[WHAT THIS TASK INVOLVES]: Print the data below verbatim, minus images.
──────── SUPPLIED RECORDS ────────
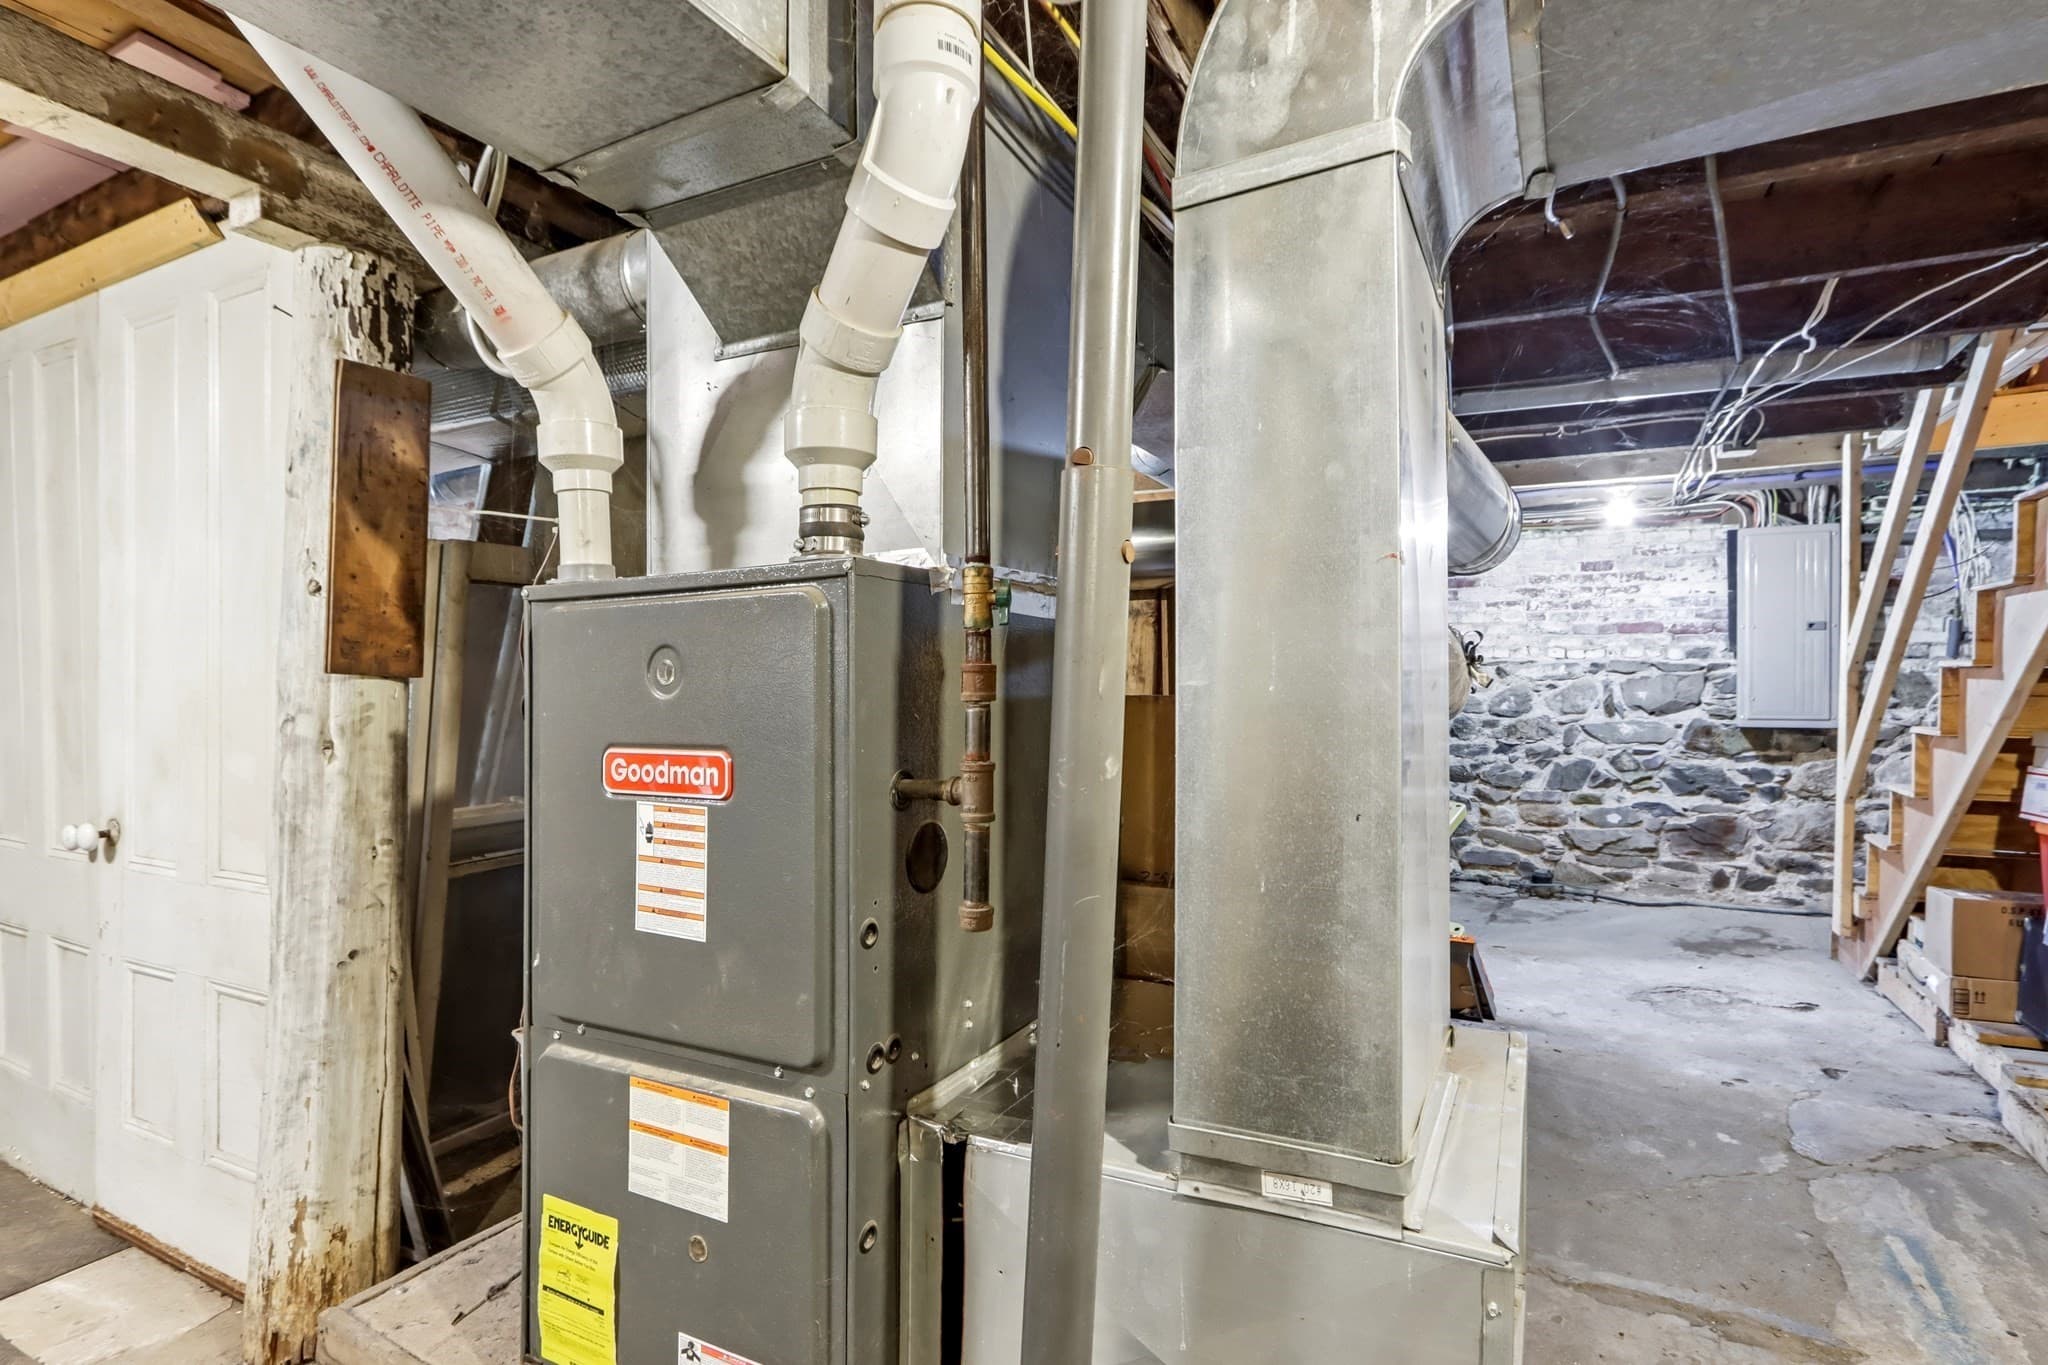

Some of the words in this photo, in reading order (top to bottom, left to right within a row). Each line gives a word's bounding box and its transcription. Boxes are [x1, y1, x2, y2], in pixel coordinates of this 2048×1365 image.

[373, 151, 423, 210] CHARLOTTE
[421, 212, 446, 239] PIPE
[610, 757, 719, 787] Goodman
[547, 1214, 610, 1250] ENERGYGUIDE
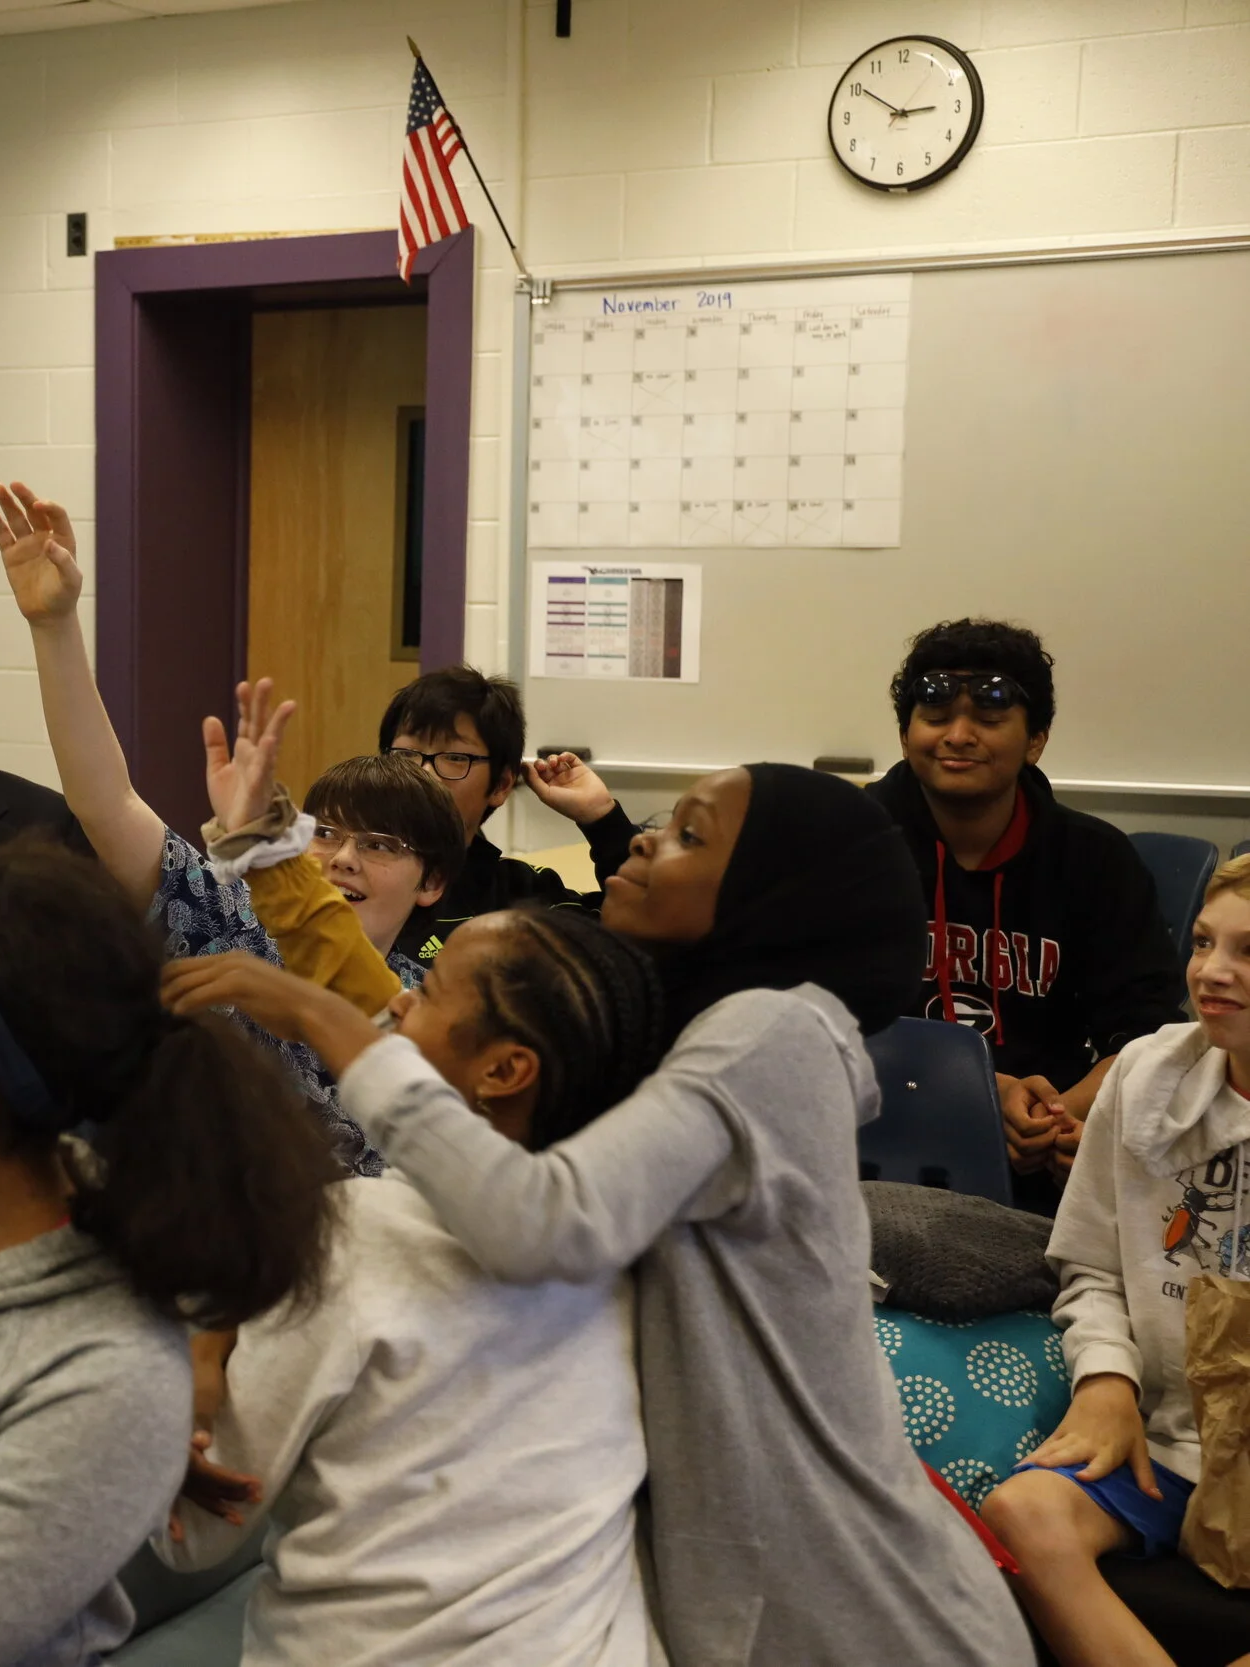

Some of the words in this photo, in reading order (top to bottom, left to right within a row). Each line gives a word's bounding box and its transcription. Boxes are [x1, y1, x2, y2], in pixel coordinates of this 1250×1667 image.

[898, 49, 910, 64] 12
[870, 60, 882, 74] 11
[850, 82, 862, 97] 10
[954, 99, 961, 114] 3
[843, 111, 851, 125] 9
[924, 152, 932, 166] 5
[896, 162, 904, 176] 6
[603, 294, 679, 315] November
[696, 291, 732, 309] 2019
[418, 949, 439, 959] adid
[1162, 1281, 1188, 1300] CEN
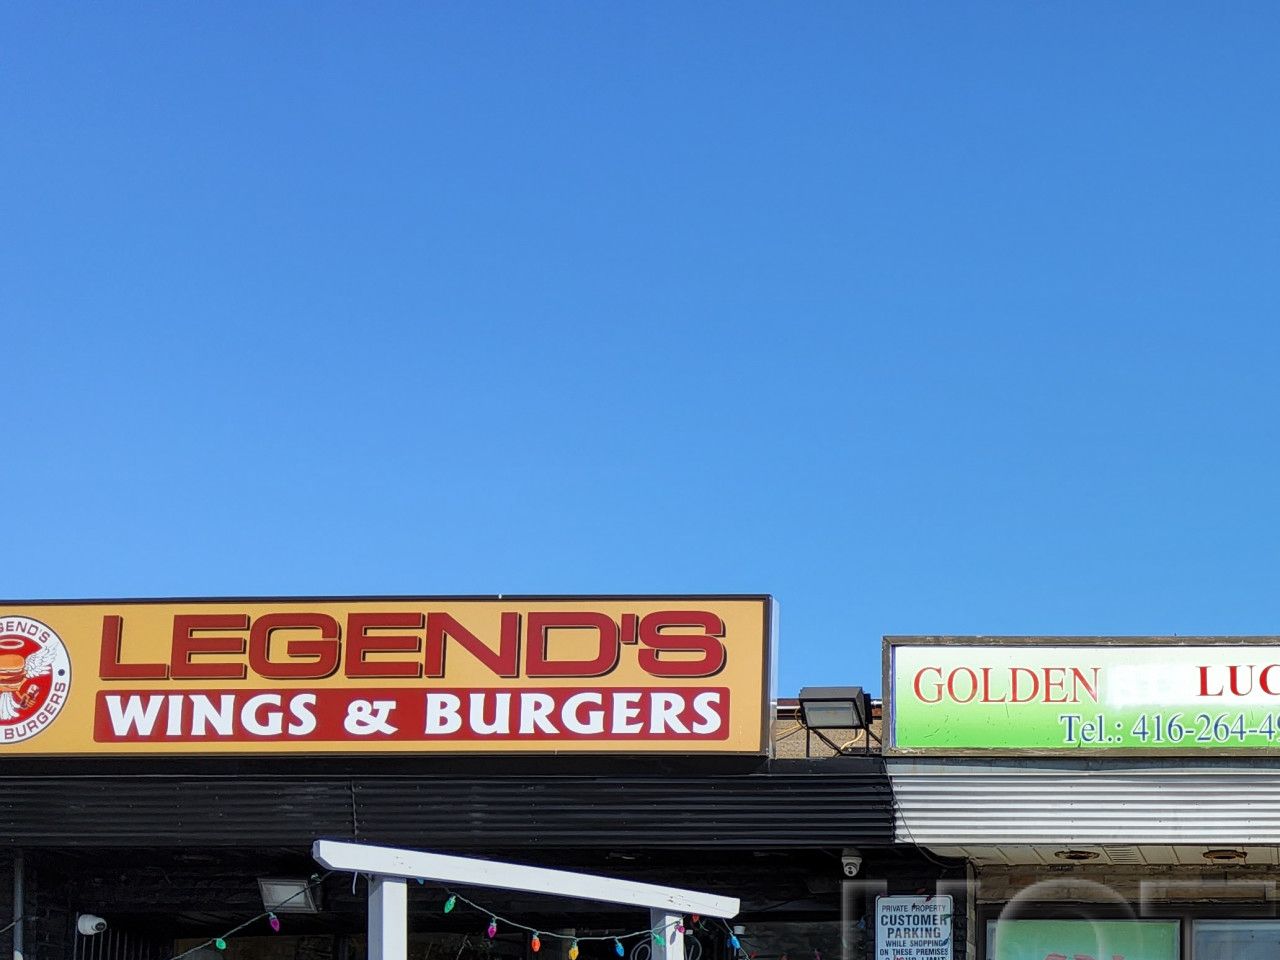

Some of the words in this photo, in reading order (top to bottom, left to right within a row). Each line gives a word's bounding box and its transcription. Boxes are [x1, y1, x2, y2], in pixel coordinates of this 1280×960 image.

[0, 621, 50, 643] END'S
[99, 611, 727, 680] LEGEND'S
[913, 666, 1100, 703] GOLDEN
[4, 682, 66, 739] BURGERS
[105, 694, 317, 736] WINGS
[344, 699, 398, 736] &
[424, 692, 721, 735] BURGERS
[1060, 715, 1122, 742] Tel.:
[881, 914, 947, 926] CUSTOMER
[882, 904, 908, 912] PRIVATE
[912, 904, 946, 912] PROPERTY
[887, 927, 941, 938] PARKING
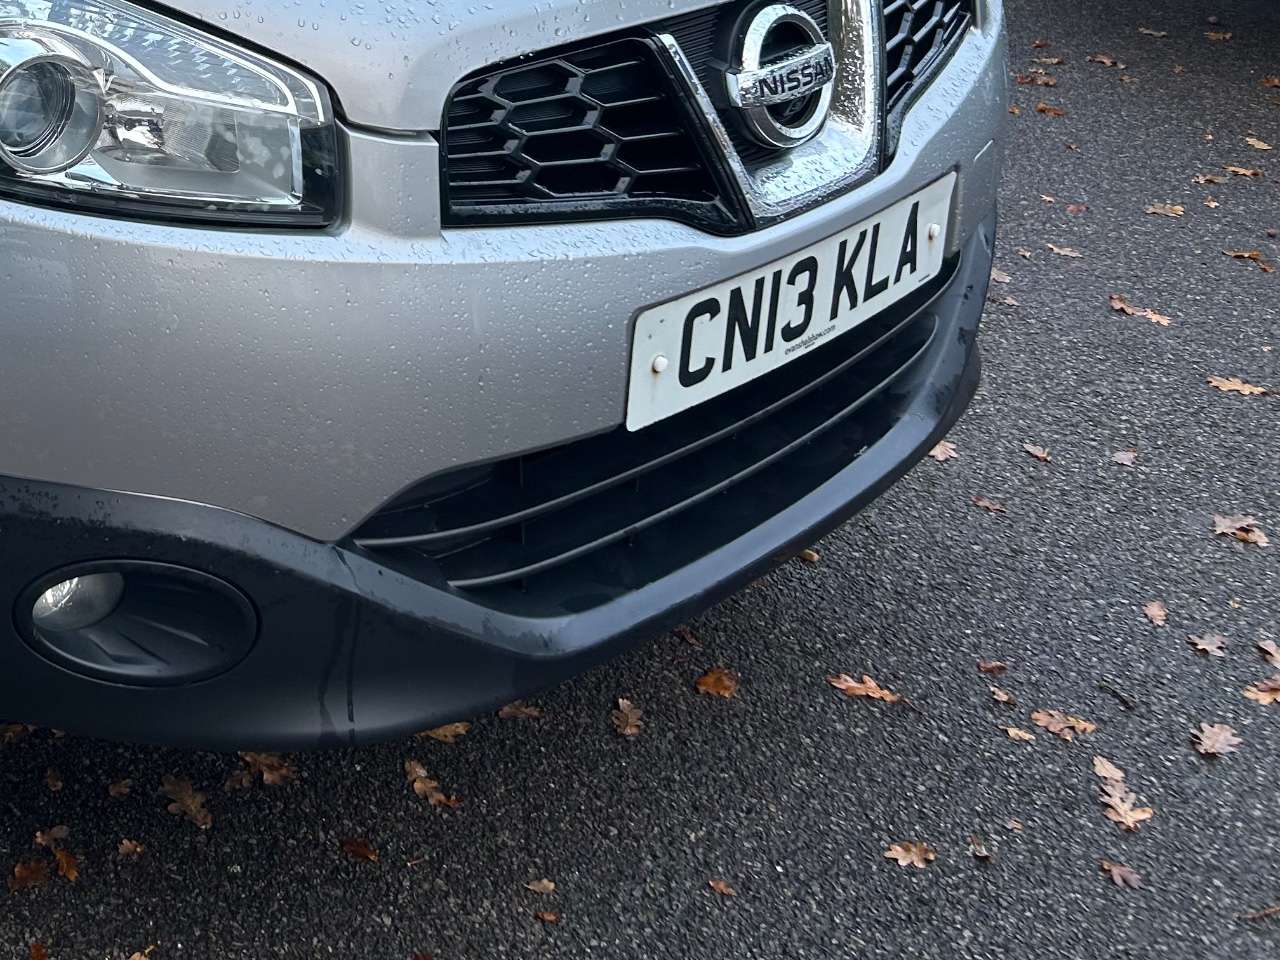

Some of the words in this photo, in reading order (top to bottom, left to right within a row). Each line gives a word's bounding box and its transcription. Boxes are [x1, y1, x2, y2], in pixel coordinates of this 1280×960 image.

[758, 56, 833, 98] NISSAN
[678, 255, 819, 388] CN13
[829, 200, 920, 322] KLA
────────
[RESPONSE BELOW]:
Some of the words in this photo, in reading order (top to bottom, left to right within a row). Each line gives a word's bounding box and its transcription. Boxes are [x1, y1, x2, y2], in pixel coordinates of this 2048×1365 image.

[373, 151, 423, 210] CHARLOTTE
[421, 212, 446, 239] PIPE
[610, 757, 719, 787] Goodman
[547, 1214, 610, 1250] ENERGYGUIDE

Some of the words in this photo, in reading order (top to bottom, left to right within a row). Each line gives a word's bounding box and its transcription. Boxes are [x1, y1, x2, y2], in pixel coordinates of this 1250×1667 image.

[898, 49, 910, 64] 12
[870, 60, 882, 74] 11
[850, 82, 862, 97] 10
[954, 99, 961, 114] 3
[843, 111, 851, 125] 9
[924, 152, 932, 166] 5
[896, 162, 904, 176] 6
[603, 294, 679, 315] November
[696, 291, 732, 309] 2019
[418, 949, 439, 959] adid
[1162, 1281, 1188, 1300] CEN

Some of the words in this photo, in reading order (top to bottom, left to right within a row). Each line gives a word's bounding box and its transcription. Boxes are [x1, y1, x2, y2], in pixel coordinates of this 1280×960 image.

[0, 621, 50, 643] END'S
[99, 611, 727, 680] LEGEND'S
[913, 666, 1100, 703] GOLDEN
[4, 682, 66, 739] BURGERS
[105, 694, 317, 736] WINGS
[344, 699, 398, 736] &
[424, 692, 721, 735] BURGERS
[1060, 715, 1122, 742] Tel.:
[881, 914, 947, 926] CUSTOMER
[882, 904, 908, 912] PRIVATE
[912, 904, 946, 912] PROPERTY
[887, 927, 941, 938] PARKING

Some of the words in this photo, in reading order (top to bottom, left to right within a row). Each line gives a word's bounding box and its transcription. Boxes are [x1, y1, x2, y2], in pixel coordinates of this 1280×960 image.

[758, 56, 833, 98] NISSAN
[678, 255, 819, 388] CN13
[829, 200, 920, 322] KLA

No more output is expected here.